- Born: Paul Sambo 27 January 1976 (age 50) Bauchi State, Nigeria
- Occupations: Actor Filmmaker
- Known for: King of Boys (2018) Mr. and Mrs. (2012)
- Spouse: Lami Daniel ​(m. 2012)​

= Paul Sambo =

Nigerian actor

Paul Sambo (born 27 January 1976) is a Nigerian actor and filmmaker who appears in Kannywood and Nollywood films.

==Life==
Sambo was born in Bauchi State, Nigeria. He married Lami Daniel in March 2012. According to TheInfoNG, the couple welcomed a daughter on 17 September 2015. He was also reported to be in a relationship with a TV presenter, Juliet Chidinma Mgborukwe, with whom he appeared in a film.

==Career==
He appeared as Mr. Brown in Ikechukwu Onyeka's 2012 romantic film, Mr. and Mrs., which also starred Nse Ikpe Etim, Joseph Benjamin, Thelma Okoduwa, and Paul Apel.

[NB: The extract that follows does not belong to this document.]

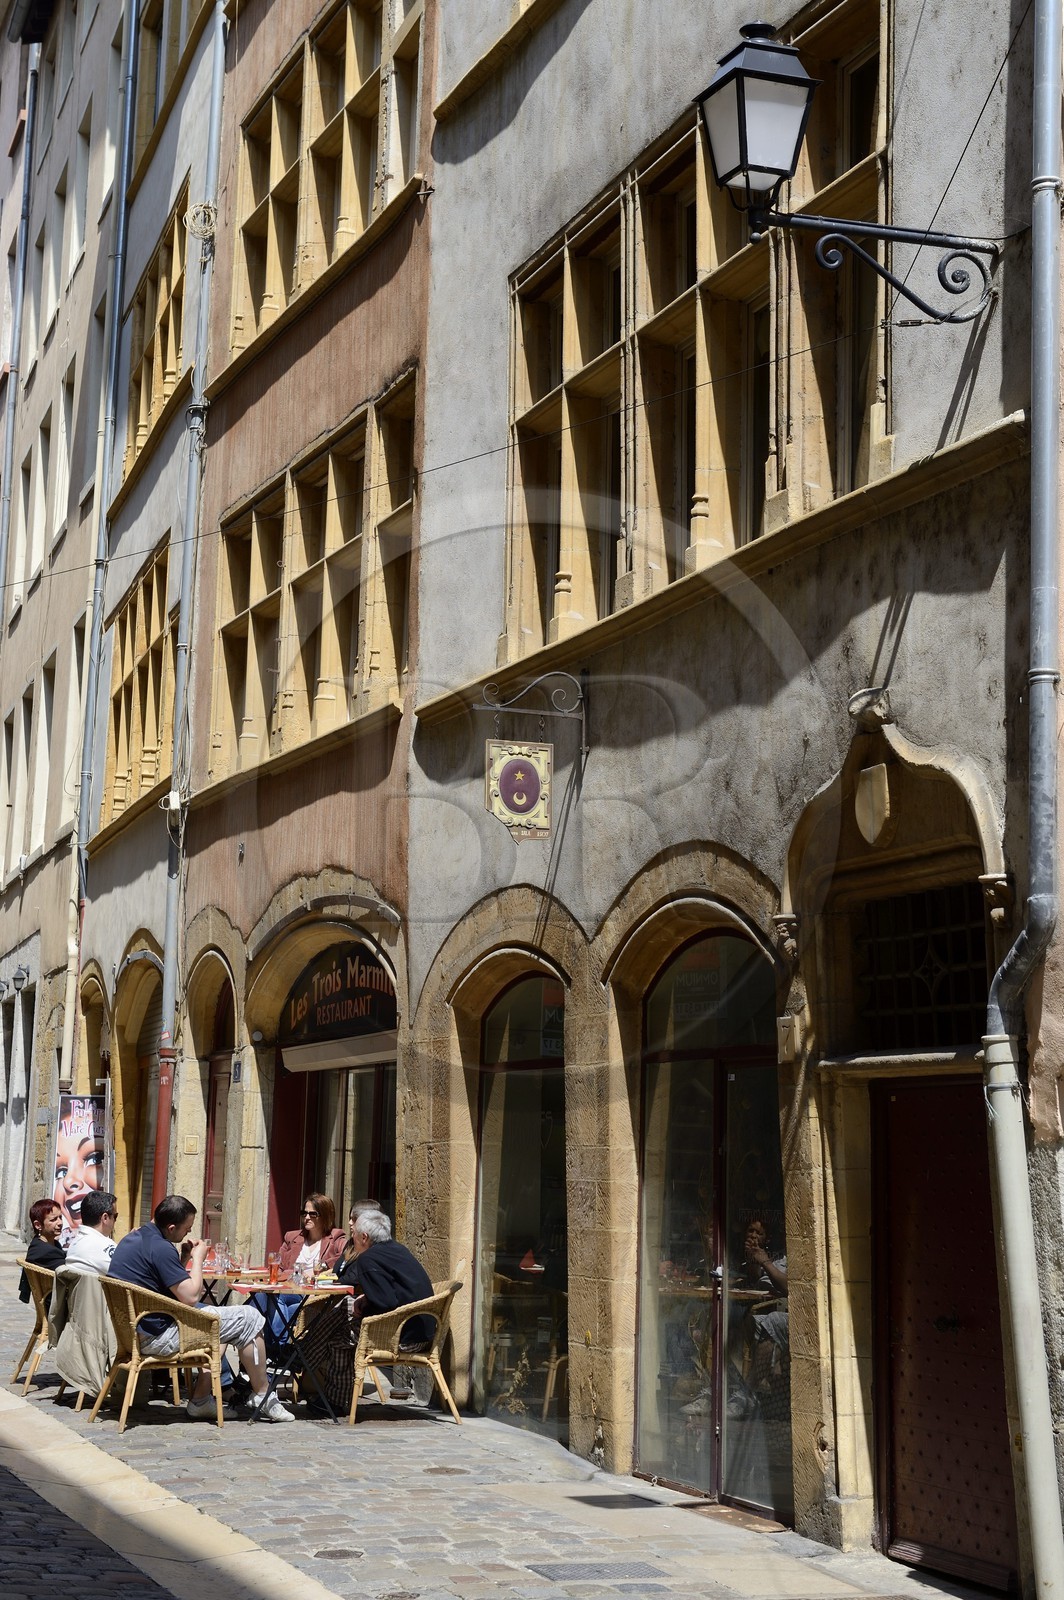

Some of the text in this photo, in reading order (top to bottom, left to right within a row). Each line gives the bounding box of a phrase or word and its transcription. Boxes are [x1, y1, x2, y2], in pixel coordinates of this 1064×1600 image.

In 2014, he featured in Stephanie Okereke's film on VVF titled, Dry, alongside Liz Benson, American actor, William McNamara, and British actor, Darwin Shaw.

He appeared in Kemi Adetiba's 2018 political thriller film, King of Boys, which also starred Adesua Etomi, Sola Sobowale, Reminisce, Illbliss, Osas Ighodaro, Omoni Oboli, and Akin Lewis.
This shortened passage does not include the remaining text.